Comme les douze refusent de la croire, la vieille fourmi rousse leur propose, à l'abri d'une anfractuosité de racine, de former une ronde en se touchant les antennes.

Là, elle va vite leur narrer l'histoire de sa vie et ainsi toutes pourront connaître son incroyable odyssée vers le bord oriental du monde. Et elles apprendront ainsi la sombre menace qui pèse sur leur cité.

18. SYNDROME DU VER

Un drapeau noir claquait à l'avant de la limousine garée devant la maison. A l'étage, s'achevaient les préparatifs.

Chacun s'approcha du cadavre pour embrasser une dernière fois sa main.

Ensuite, le corps de Gaston Pinson fut introduit dans un grand sac en plastique, nanti d'une fermeture à glissière et empli de boules de naphtaline.

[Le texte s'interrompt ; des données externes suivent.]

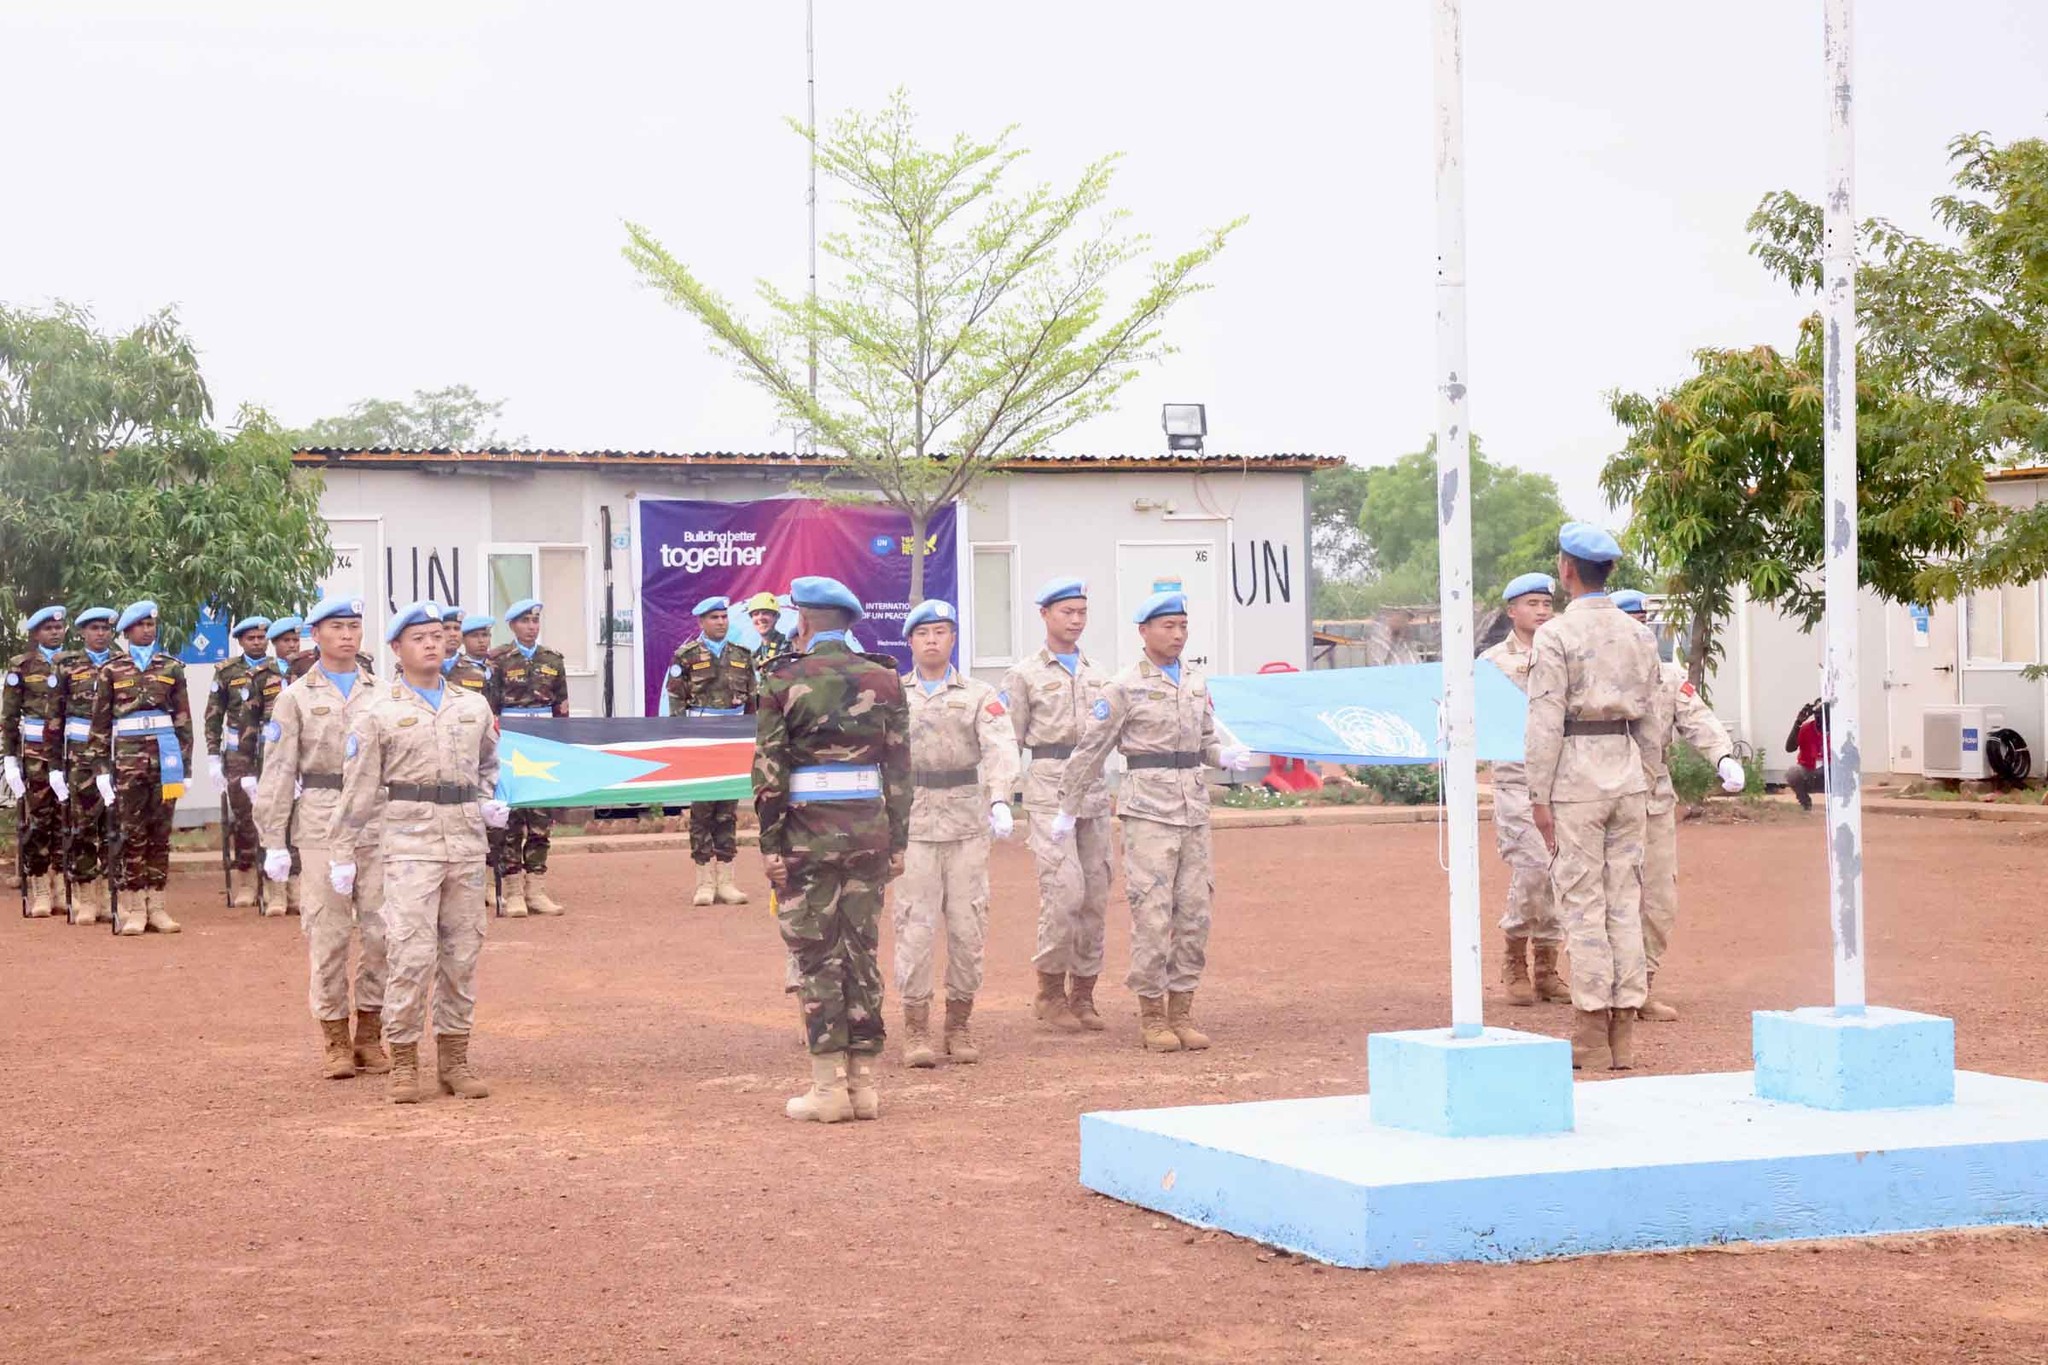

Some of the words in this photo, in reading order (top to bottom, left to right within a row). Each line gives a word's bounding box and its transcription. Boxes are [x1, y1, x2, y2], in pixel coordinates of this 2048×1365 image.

[684, 531, 727, 545] Building
[727, 530, 757, 542] better
[877, 539, 888, 547] UN
[337, 555, 352, 569] X4
[660, 541, 767, 573] together
[1195, 550, 1208, 563] X6
[1231, 540, 1291, 606] UN
[386, 547, 459, 614] UN
[865, 602, 910, 610] INTERNATIO
[872, 612, 884, 620] UN
[885, 612, 909, 620] PEACE

– Pourquoi de la naphtaline? demanda Julie à un employé des pompes funèbres.

L'homme en noir arborait une mine très professionnelle.

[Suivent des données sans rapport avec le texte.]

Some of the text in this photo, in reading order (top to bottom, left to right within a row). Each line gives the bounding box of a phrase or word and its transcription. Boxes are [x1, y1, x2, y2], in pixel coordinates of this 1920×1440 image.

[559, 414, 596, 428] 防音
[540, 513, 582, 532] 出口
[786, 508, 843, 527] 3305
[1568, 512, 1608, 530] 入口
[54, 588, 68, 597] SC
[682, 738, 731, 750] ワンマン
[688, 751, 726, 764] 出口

– Pour tuer les vers, expliqua-t-il, d'une voix guindée. La chair humaine morte attire les asticots. Heureusement, grâce à la naphtaline, les cadavres modernes peuvent s'en protéger.

– Ils ne nous mangent donc plus?

– Impossible, assura le spécialiste. En plus, les cercueils sont désormais recouverts de plaques de zinc qui empêchent les animaux d'y pénétrer. Même les termites ne réussissent pas à les percer. Votre père sera enterré propre et le restera très longtemps.

Des hommes en casquette sombre installèrent le cercueil dans la limousine.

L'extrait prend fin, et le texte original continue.